Excerpts from a dataset
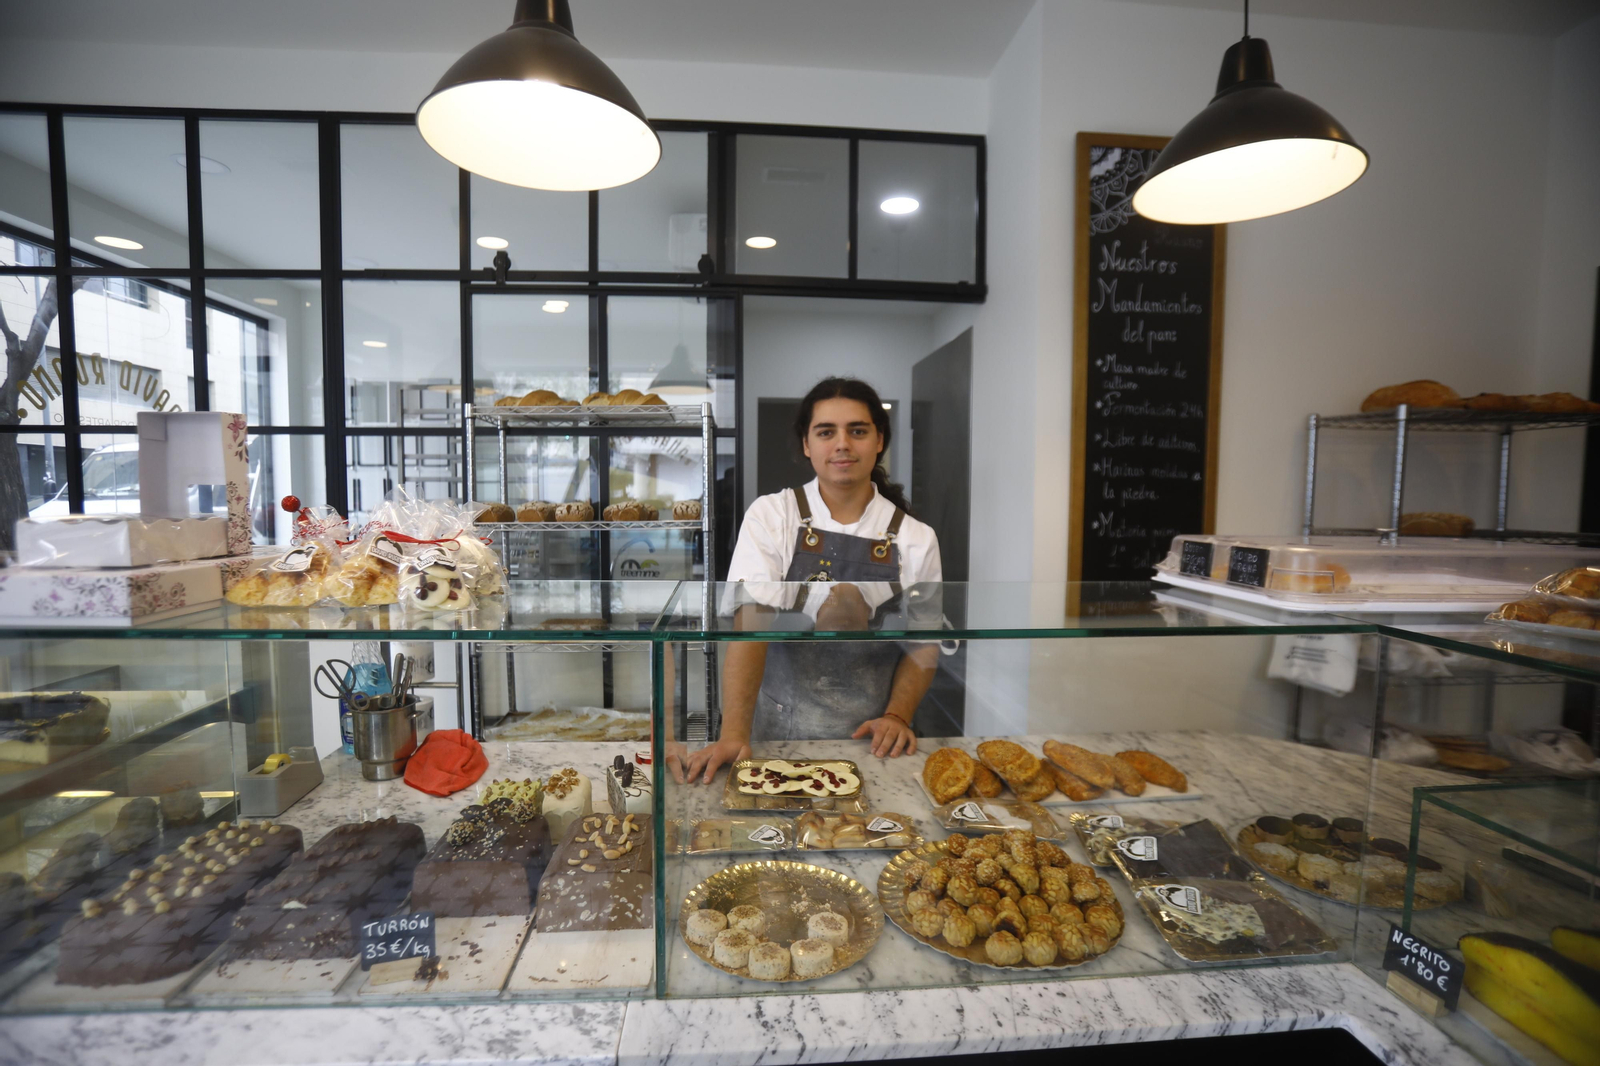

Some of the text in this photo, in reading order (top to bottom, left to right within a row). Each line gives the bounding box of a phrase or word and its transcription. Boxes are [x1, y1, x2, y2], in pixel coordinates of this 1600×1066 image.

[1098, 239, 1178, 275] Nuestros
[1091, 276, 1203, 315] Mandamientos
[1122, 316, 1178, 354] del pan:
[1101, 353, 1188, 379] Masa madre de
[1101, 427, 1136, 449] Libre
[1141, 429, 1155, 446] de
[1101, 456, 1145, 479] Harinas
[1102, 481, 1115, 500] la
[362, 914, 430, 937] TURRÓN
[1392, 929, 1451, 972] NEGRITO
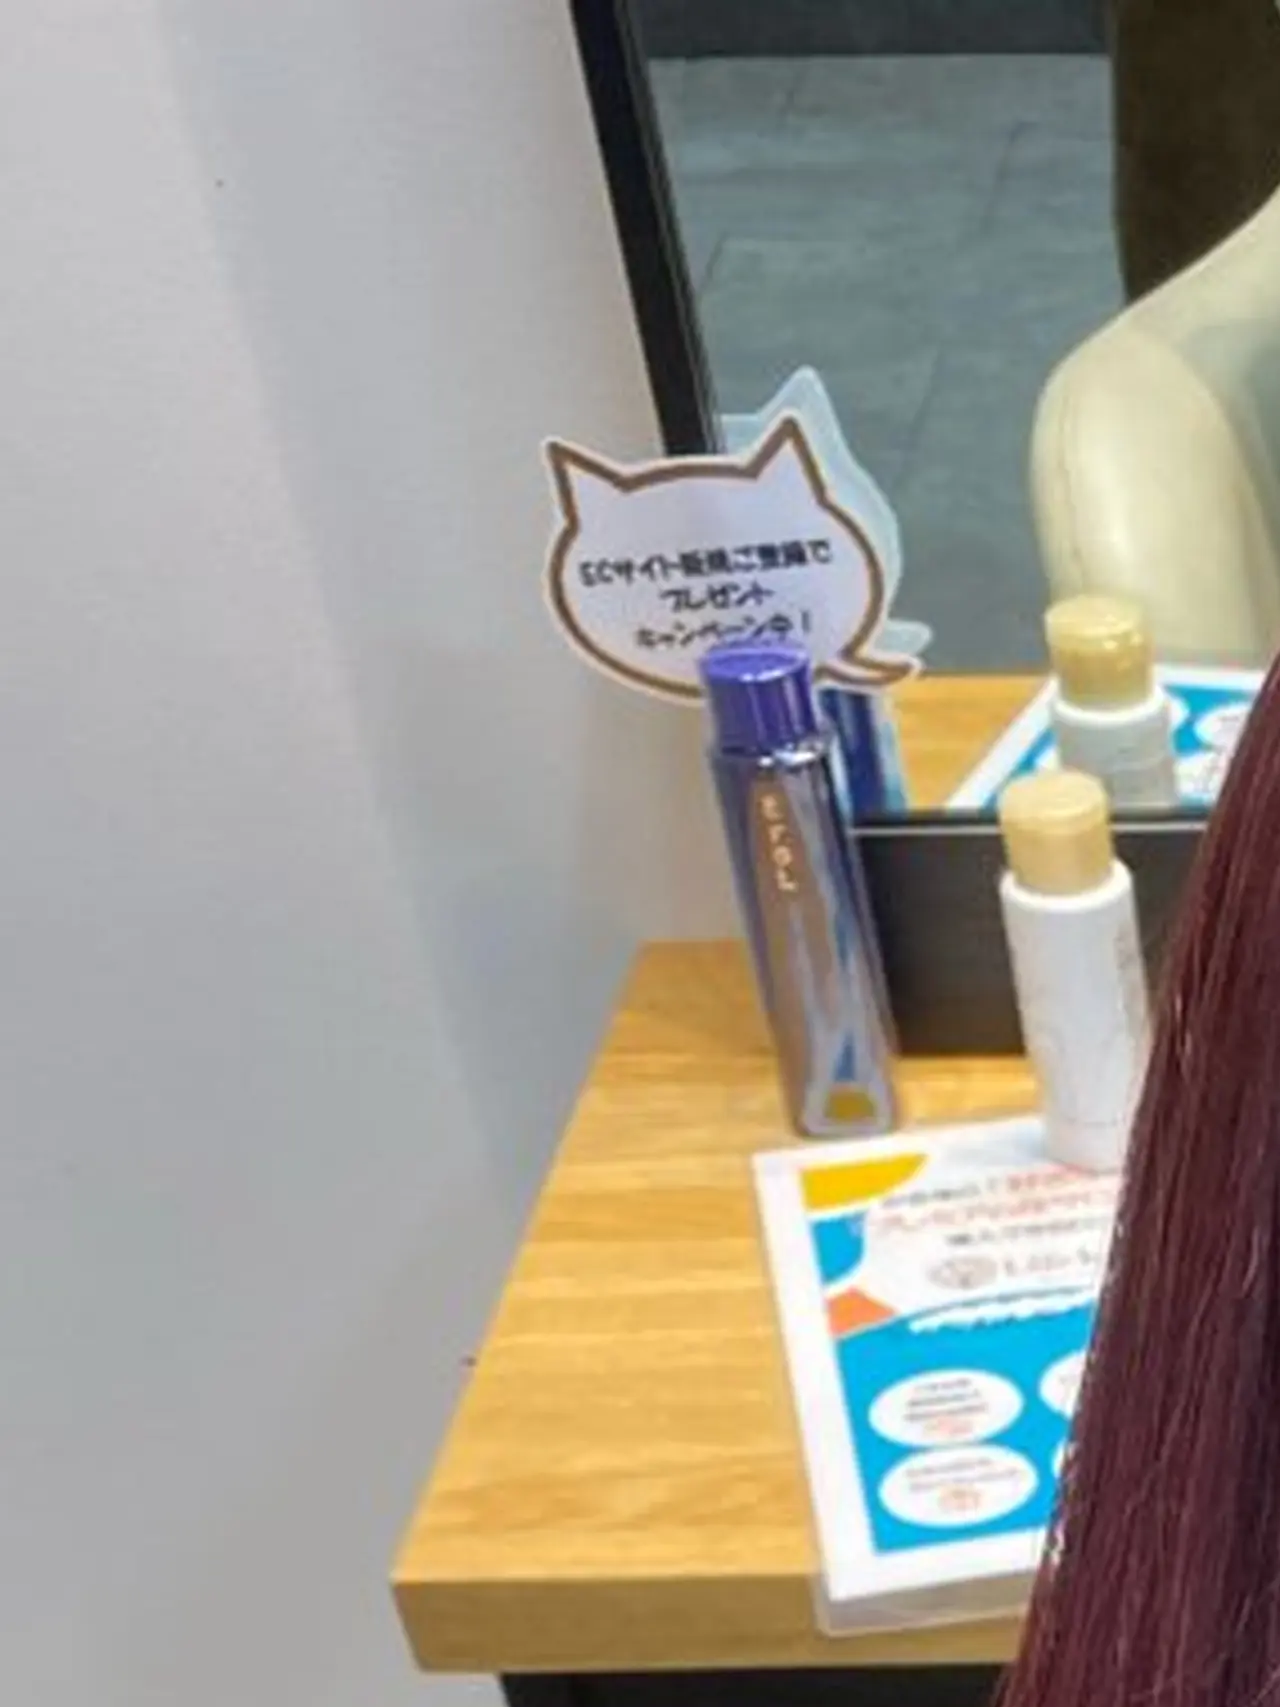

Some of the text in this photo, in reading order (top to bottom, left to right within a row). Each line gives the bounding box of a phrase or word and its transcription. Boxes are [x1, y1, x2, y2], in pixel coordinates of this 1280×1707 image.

Activity: What you write should match the entries exactly, except that the pictures are dropped.

Solution:
Some of the text in this photo, in reading order (top to bottom, left to right within a row). Each line gives the bounding box of a phrase or word and its transcription. Boxes are [x1, y1, x2, y2], in pixel coordinates of this 1600×1066 image.

[1098, 239, 1178, 275] Nuestros
[1091, 276, 1203, 315] Mandamientos
[1122, 316, 1178, 354] del pan:
[1101, 353, 1188, 379] Masa madre de
[1101, 427, 1136, 449] Libre
[1141, 429, 1155, 446] de
[1101, 456, 1145, 479] Harinas
[1102, 481, 1115, 500] la
[362, 914, 430, 937] TURRÓN
[1392, 929, 1451, 972] NEGRITO

Some of the text in this photo, in reading order (top to bottom, left to right within a row). Each line gives the bounding box of a phrase or word and its transcription. Boxes are [x1, y1, x2, y2], in pixel coordinates of this 1280×1707 image.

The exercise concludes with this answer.